Separately, the governor announced that village elections and other local special district elections will be pushed back until September 15.
The school board elections and budget votes will all be conducted by mail, the governor’s office announced, and all qualified voters will be sent an absentee ballot with return postage paid.
The presidential primary was canceled by the state Board of Elections last week, but on Tuesday a federal judge ordered it reinstated. It’s slated for June 23, along with primaries for lower ballot races.
Also hosting a tele-meeting this week, on Tuesday, U.S. representatives Lee Zeldin, Peter King, Tom Suozzi, Kathleen Rice and Gregory Meeks provided an update on the federal response to coronavirus, after which Long Island’s local mayors had the opportunity to ask questions, share concerns, and speak to the needs of communities across Long Island.
Said Mr. Zeldin in a post-conference release, “As we seek to finish the fight against coronavirus and work to emerge stronger than ever, our local mayors are helping lead the charge on the ground in our communities … In addition to continuing to provide our communities with vital Personal Protective Equipment and other resources, we must ensure they have the direct local funding they need to recover economically in light of historic budgetary shortfalls caused by the ongoing outbreak of coronavirus.”
State Assemblyman Fred W. Thiele Jr. echoed the funding entreaty on Friday. He joined with members of the Assembly majority in urging the New York State congressional delegation to support unrestricted aid to state and local governments.
The $484 billion federal relief package adopted last month provides additional aid to hospitals and small businesses impacted by the COVID-19 pandemic, but failed to include money for state and local governments grappling with the crisis.
“Local governments are responsible for providing vital programs and services we depend on,” Mr. Thiele said in a release. Programs run the gamut from public safety to senior support to garbage removal.
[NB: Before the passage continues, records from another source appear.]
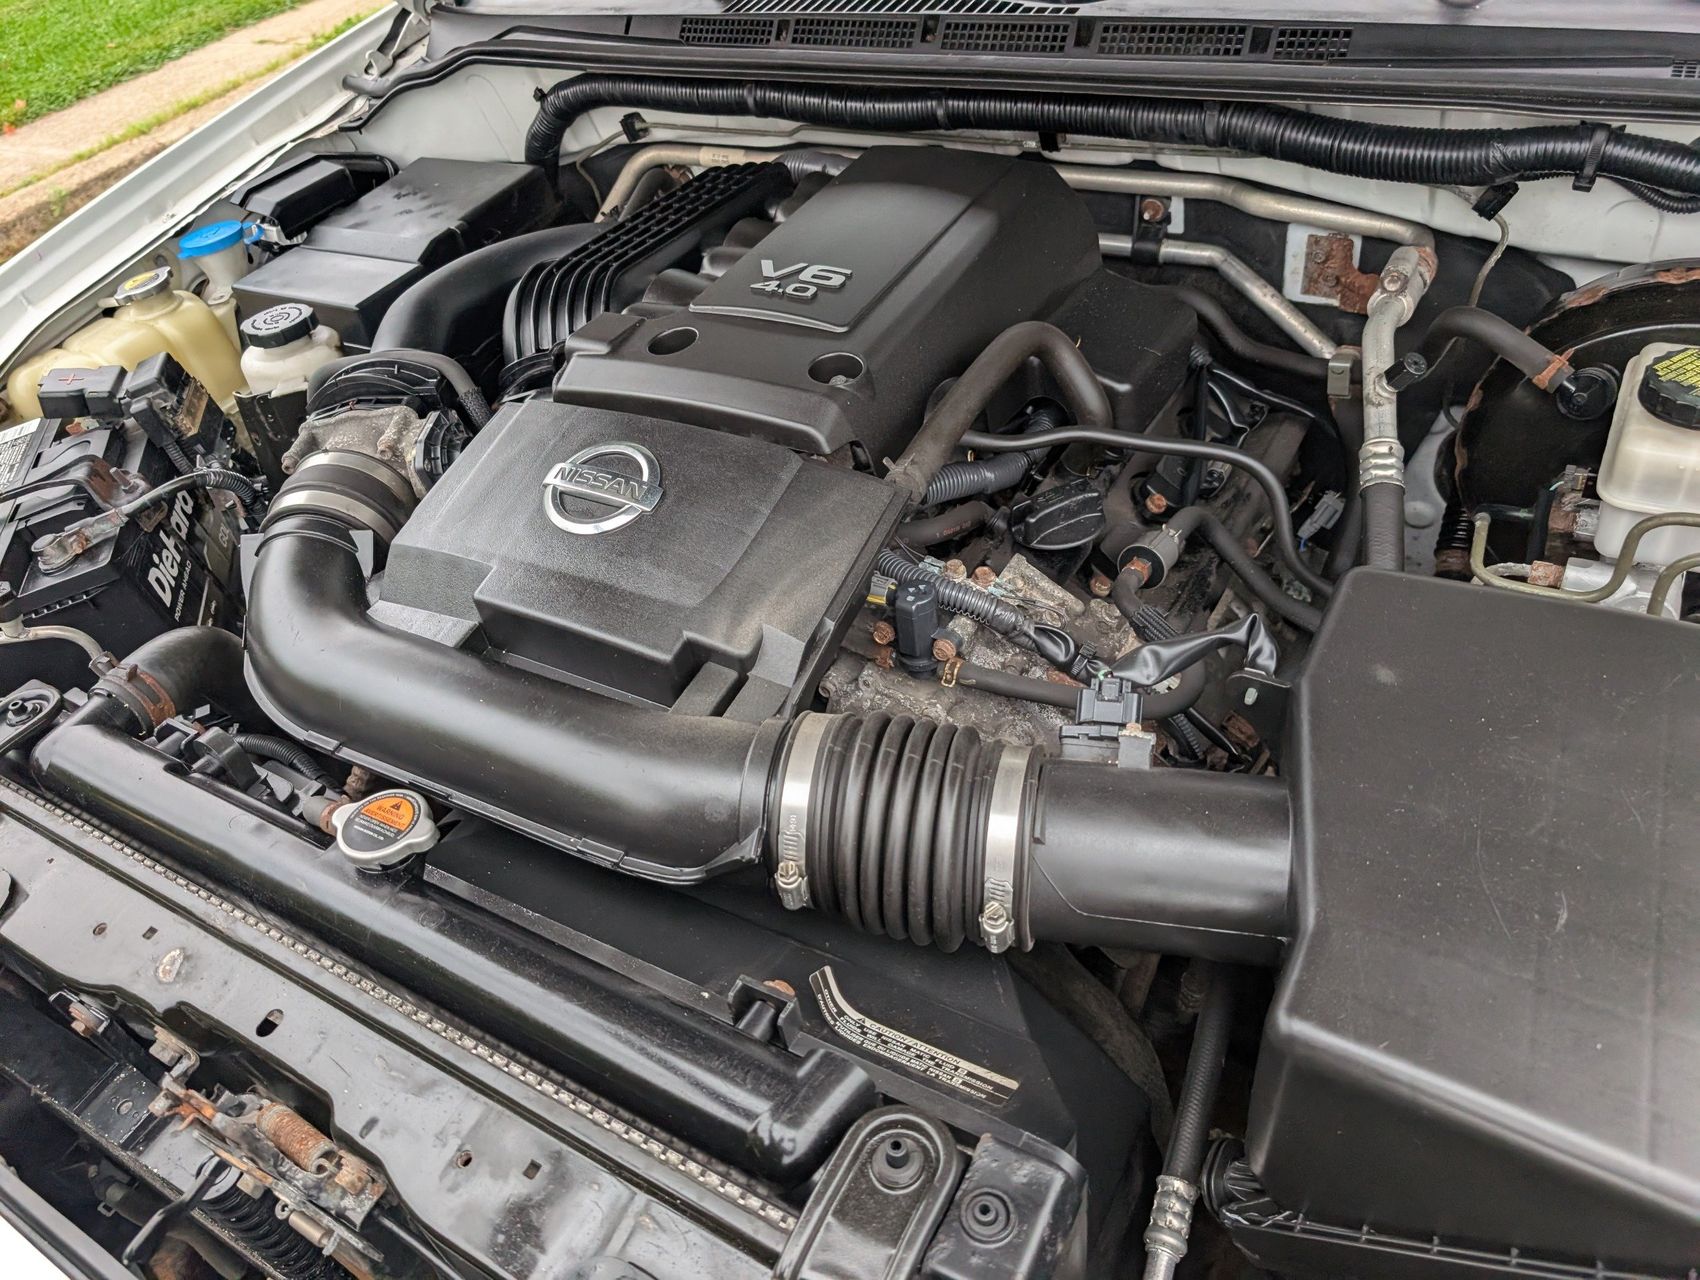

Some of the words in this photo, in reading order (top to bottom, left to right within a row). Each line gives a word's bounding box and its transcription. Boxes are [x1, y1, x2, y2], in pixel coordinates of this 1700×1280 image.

[749, 280, 818, 300] 4.0
[760, 259, 853, 289] V6
[553, 465, 648, 502] NISSAN
[174, 589, 186, 622] POWER
[182, 560, 192, 590] AHEAD
[376, 804, 405, 820] WARNING
[824, 988, 838, 1013] OTHER
[866, 1033, 882, 1043] WILL
[887, 1042, 917, 1057] DAMAGE
[922, 1057, 936, 1066] THE
[941, 1066, 994, 1091] TRANSMISSION
[843, 1015, 861, 1027] ONLY
[863, 1027, 878, 1036] USE
[880, 1035, 906, 1048] NISSAN
[909, 1047, 931, 1059] MATIC
[934, 1058, 956, 1069] FLUID
[869, 1023, 908, 1042] CAUTION
[912, 1042, 961, 1065] ATTENTION
[910, 1058, 929, 1069] MATIC
[928, 1067, 952, 1080] NISSAN
[926, 1070, 937, 1078] LA
“Not providing aid to municipalities means that the government is neglecting to aid our first responders, police, fire services, and teachers,” he said. The failure to assist could mean “widespread layoffs and the halting of these critical services,” the assemblyman warned.
Local governments are reeling from the financial devastation of COVID-19, he said. With New York the hardest hit state in the nation, “our local governments are bearing the brunt of the burden.”
As of Wednesday morning, there were 38,927 confirmed cases countywide listed on Suffolk’s interactive map, with 797 in Southampton Town and 236 in the Town of East Hampton.